La Nupes met la Macronie sous pression
Les candidats Nupes se hissent au second tour dans près de 400 circonscriptions et grappillent de nombreux points sur des terres gagnées par LREM il y a cinq ans.
dans l’hebdo N° 1710 Acheter ce numéro
Au lendemain de la présidentielle, toute la classe politique s’était mise d’accord sur la théorie des trois blocs – populaire, centriste et d’extrême droite – qui allaient supposément régir les prochaines années de la vie politique. Tout était plié. Mais ces législatives ont soudainement mis à bas ce système. À la place ? Un bras de fer imposé par la Nouvelle Union populaire écologique et sociale (Nupes) à la coalition de partis ralliés à Emmanuel Macron, nommée Ensemble ! Avec un petit avantage à l’échelle nationale, l’alliance de gauche a secoué le monde politique en place. Son résultat préfigurant un retour du clivage droite-gauche au sein de l’hémicycle de l’Assemblée nationale pour les cinq prochaines années.

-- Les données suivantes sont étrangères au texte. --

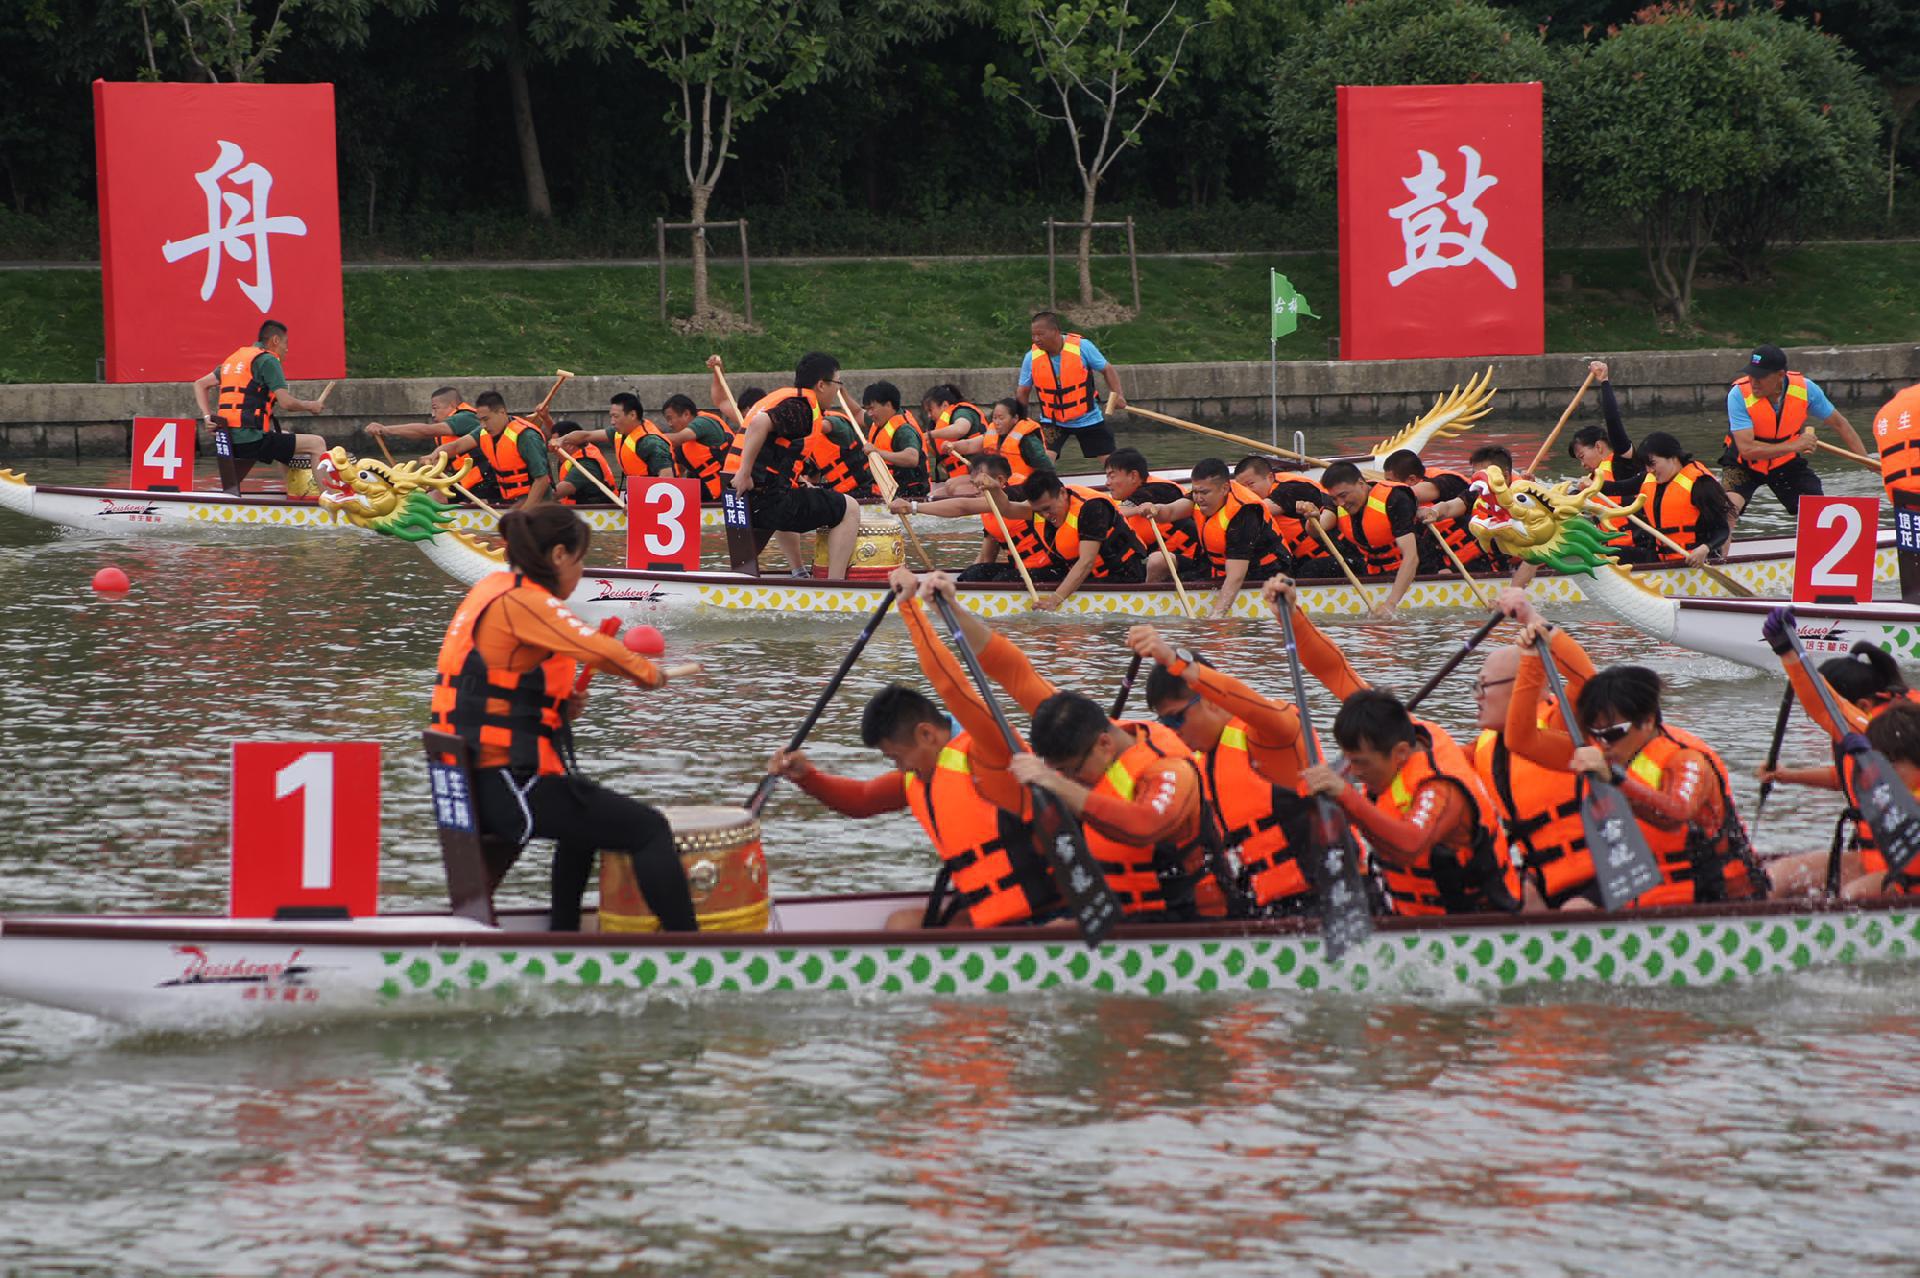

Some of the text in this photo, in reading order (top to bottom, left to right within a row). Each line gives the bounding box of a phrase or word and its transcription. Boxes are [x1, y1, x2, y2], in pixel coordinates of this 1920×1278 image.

[162, 140, 307, 313] 舟
[1388, 145, 1517, 289] 鼓
[143, 422, 182, 479] 4
[643, 482, 685, 556] 3
[1810, 503, 1862, 587] 2
[276, 751, 333, 889] 1

Un résultat qui a de quoi réjouir Jean-Luc Mélenchon, chef de file de l’alliance de gauche, à la fois ému et confiant au moment de s’exprimer le 12 juin aux alentours de 20 h 30, assez tôt après les premières projections : « La Nupes regarde le peuple français avec la tranquillité du travail accompli et d’une perspective radieuse qui se présente à lui. » Au QG de la Nupes, à la Fabrique, dans le dixième arrondissement de Paris, le leader insoumis ne crie pas victoire mais prend la mesure de cette réussite électorale. À cette heure-là, il pense que les électeurs pourront glisser un bulletin de vote aux couleurs de la gauche rassemblée dans 500 circonscriptions lors du second tour. Le chiffre se révélera un tantinet optimiste, mais la vague Nupes est bel et bien réelle. « La vérité, analyse son leader en campagne depuis le 19 avril pour demander aux électeurs de l’élire à Matignon, c’est que le parti présidentiel, au soir du premier tour, est battu et défait. » Une analyse reprise par Clémence Guetté, tête pensante de la campagne présidentielle de LFI, arrivée en première position dans la 2e circonscription du Val-de-Marne (47,46 %) : « On est la première force en général, même pas la première force d’opposition. » Un air de victoire souffle sur cet inédit cartel des gauches.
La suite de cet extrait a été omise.